Adipocyte NCoR knockout decreases PPARγ phosphorylation and enhances PPARγ activity and insulin sensitivity

Pingping Li, Wuqiang Fan, Jianfeng Xu, Min Lu, Hiroyasu Yamamoto, Johan Auwerx, Dorothy D. Sears, Saswata Talukdar, Dayoung Oh, Ai Chen, Gautam Bandyopadhyay, Miriam Scadeng, Jachelle M. Ofrecio, Sarah Nalbandian, Jerrold M. Olefsky

Research output: Contribution to journalArticlepeer-review

232 Scopus citations

Abstract

Insulin resistance, tissue inflammation, and adipose tissue dysfunction are features of obesity and Type 2 diabetes. We generated adipocyte-specific Nuclear Receptor Corepressor (NCoR) knockout (AKO) mice to investigate the function of NCoR in adipocyte biology, glucose and insulin homeostasis. Despite increased obesity, glucose tolerance was improved in AKO mice, and clamp studies demonstrated enhanced insulin sensitivity in liver, muscle, and fat.
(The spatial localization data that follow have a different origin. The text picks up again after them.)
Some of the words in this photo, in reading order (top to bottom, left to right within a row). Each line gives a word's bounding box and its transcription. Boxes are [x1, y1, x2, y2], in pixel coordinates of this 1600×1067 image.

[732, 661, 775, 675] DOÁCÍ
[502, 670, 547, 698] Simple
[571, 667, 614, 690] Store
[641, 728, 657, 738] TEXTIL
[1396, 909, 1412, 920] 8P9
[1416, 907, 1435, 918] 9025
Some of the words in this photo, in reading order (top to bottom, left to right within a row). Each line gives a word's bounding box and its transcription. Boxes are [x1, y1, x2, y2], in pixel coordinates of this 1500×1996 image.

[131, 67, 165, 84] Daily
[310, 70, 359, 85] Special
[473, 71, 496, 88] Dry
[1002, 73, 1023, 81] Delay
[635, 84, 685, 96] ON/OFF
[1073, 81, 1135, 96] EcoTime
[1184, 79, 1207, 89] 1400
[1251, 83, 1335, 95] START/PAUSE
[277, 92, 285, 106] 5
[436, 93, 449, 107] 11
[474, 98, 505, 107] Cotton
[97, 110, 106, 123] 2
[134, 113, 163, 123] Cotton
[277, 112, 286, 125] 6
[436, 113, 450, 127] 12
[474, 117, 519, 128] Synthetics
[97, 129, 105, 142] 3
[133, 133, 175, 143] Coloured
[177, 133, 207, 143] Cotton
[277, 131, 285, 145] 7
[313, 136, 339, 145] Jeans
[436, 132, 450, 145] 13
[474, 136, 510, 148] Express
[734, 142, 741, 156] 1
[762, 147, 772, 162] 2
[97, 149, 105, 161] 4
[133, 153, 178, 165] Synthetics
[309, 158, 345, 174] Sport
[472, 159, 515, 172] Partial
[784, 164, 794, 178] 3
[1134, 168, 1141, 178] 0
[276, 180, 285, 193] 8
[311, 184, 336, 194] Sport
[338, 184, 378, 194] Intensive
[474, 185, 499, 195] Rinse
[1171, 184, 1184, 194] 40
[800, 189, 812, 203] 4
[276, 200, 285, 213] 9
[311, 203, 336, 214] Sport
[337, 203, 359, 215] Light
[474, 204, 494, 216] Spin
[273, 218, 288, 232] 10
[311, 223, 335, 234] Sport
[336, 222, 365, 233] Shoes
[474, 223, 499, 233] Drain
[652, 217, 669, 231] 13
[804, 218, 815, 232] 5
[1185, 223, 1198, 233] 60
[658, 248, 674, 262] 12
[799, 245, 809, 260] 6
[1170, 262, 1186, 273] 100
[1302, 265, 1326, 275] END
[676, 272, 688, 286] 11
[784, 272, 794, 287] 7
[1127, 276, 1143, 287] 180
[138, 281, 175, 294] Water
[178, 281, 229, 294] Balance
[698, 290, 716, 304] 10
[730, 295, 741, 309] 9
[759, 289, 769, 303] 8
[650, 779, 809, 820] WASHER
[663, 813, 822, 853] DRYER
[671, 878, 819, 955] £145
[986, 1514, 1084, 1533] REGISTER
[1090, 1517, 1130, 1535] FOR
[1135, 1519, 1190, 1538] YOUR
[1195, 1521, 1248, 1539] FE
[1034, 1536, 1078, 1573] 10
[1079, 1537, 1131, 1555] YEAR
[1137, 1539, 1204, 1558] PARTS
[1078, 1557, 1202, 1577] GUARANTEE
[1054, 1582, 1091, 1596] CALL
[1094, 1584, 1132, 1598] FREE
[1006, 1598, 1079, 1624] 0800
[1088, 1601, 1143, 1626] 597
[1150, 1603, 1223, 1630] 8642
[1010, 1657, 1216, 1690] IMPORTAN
Adipose tissue macrophage infiltration and inflammation were also decreased. PPARγ response genes were upregulated in adipose tissue from AKO mice and CDK5-mediated PPARγ ser-273 phosphorylation was reduced, creating a constitutively active PPARγ state. This identifies NCoR as an adaptor protein that enhances the ability of CDK5 to associate with and phosphorylate PPARγ. The dominant function of adipocyte NCoR is to transrepress PPARγ and promote PPARγ ser-273 phosphorylation, such that NCoR deletion leads to adipogenesis, reduced inflammation, and enhanced systemic insulin sensitivity, phenocopying the TZD-treated state.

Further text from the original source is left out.